La production de catalase est considérée comme un déterminant de virulence chez Staphylococcus aureus, permettant aux bactéries de mieux résister à la destruction intra- et extracellulaire par le peroxyde d’hydrogène (4, 5). Les espèces de Staphylococcus sont catalas positives et anaérobies facultatives, à l’exception de S. aureus subsp. anaerobius et S. saccharolyticus, qui sont catalas négatives et anaérobies. Ce dernier est généralement considéré comme apathogène. La catalase de S. aureus est codée par le gène katA, qui possède un cadre de lecture ouvert de 1 518 pb et code pour une protéine de 505 acides aminés (9). S. aureus subsp. anaerobius possède un gène muté, appelé katB, qui a une longueur de 1 368 pb et code pour un polypeptide de 455 acides aminés. Par rapport à la séquence nucléotidique de katA, celle de katB présente six mutations faux-sens et une délétion d’une seule paire de bases, située au pb 1338 en amont du codon d’initiation, qui entraîne un décalage du cadre de lecture nucléotidique et une terminaison prématurée de la traduction au pb 1368 (9).

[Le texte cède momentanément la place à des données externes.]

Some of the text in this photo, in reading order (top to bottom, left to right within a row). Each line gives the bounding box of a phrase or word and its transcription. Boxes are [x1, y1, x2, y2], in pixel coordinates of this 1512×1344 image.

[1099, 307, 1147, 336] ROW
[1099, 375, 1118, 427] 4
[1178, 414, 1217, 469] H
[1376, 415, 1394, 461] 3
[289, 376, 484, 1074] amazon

Des souches de S. aureus anaérobies et catalases négatives ont été signalées. Cependant, aucune d’entre elles n’a été caractérisée par des méthodes moléculaires (1, 2, 7, 10, 12). Nous décrivons ici un isolat de S. aureus résistant à la méthicilline (SARM) catalase-négatif qui a été caractérisé par amplification et séquençage du gène putatif de la catalase. À notre connaissance, il s’agit de la première description moléculaire d’une souche de S. aureus subsp. aureus catalase-négative.

Un homme de 65 ans a été admis à l’unité de soins intensifs du service de chirurgie de l’hôpital universitaire de Mayence. Il était multimorbide, souffrant d’une cirrhose hépatique alcoolique, d’une hypertension artérielle, d’une maladie coronarienne, d’une insuffisance cardiaque (classe II selon la classification de la New York Heart Association), d’un diabète sucré et d’une maladie pulmonaire obstructive chronique. Un échantillon de sécrétion trachéale a été prélevé pour une investigation microbiologique de routine, sans que des signes d’infection ne soient apparents à ce moment-là.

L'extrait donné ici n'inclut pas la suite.